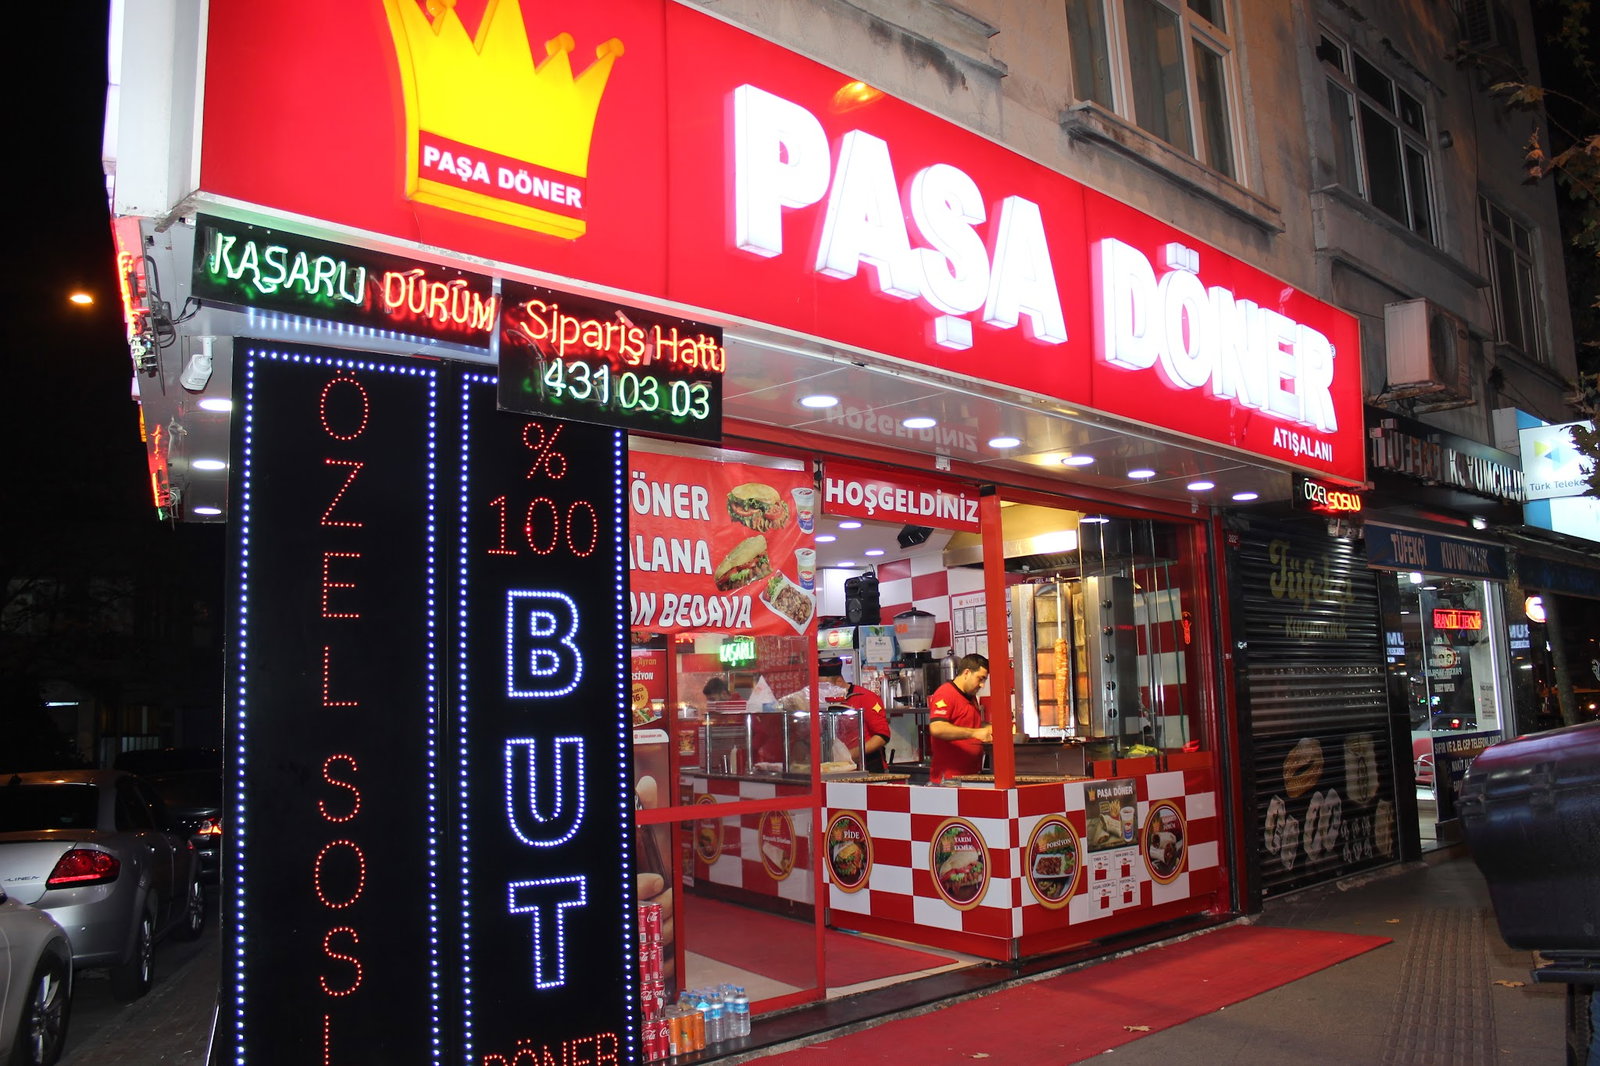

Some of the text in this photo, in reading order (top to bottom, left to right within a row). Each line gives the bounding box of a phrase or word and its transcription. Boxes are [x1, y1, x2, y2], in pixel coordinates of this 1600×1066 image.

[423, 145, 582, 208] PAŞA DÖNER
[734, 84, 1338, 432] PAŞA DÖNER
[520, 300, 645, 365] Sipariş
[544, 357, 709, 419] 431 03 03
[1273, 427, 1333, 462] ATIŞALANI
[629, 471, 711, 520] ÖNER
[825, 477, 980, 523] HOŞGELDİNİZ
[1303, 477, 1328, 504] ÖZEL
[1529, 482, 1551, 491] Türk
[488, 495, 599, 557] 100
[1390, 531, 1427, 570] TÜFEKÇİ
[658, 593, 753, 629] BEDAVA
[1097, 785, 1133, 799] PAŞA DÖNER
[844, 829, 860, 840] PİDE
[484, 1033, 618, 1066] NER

==================================================

- [Task description]:
Transcribe the data word for word, with no images.

- [Response to this task]:
Some of the text in this photo, in reading order (top to bottom, left to right within a row). Each line gives the bounding box of a phrase or word and its transcription. Boxes are [x1, y1, x2, y2], in pixel coordinates of this 1600×1066 image.

[423, 145, 582, 208] PAŞA DÖNER
[734, 84, 1338, 432] PAŞA DÖNER
[520, 300, 645, 365] Sipariş
[544, 357, 709, 419] 431 03 03
[1273, 427, 1333, 462] ATIŞALANI
[629, 471, 711, 520] ÖNER
[825, 477, 980, 523] HOŞGELDİNİZ
[1303, 477, 1328, 504] ÖZEL
[1529, 482, 1551, 491] Türk
[488, 495, 599, 557] 100
[1390, 531, 1427, 570] TÜFEKÇİ
[658, 593, 753, 629] BEDAVA
[1097, 785, 1133, 799] PAŞA DÖNER
[844, 829, 860, 840] PİDE
[484, 1033, 618, 1066] NER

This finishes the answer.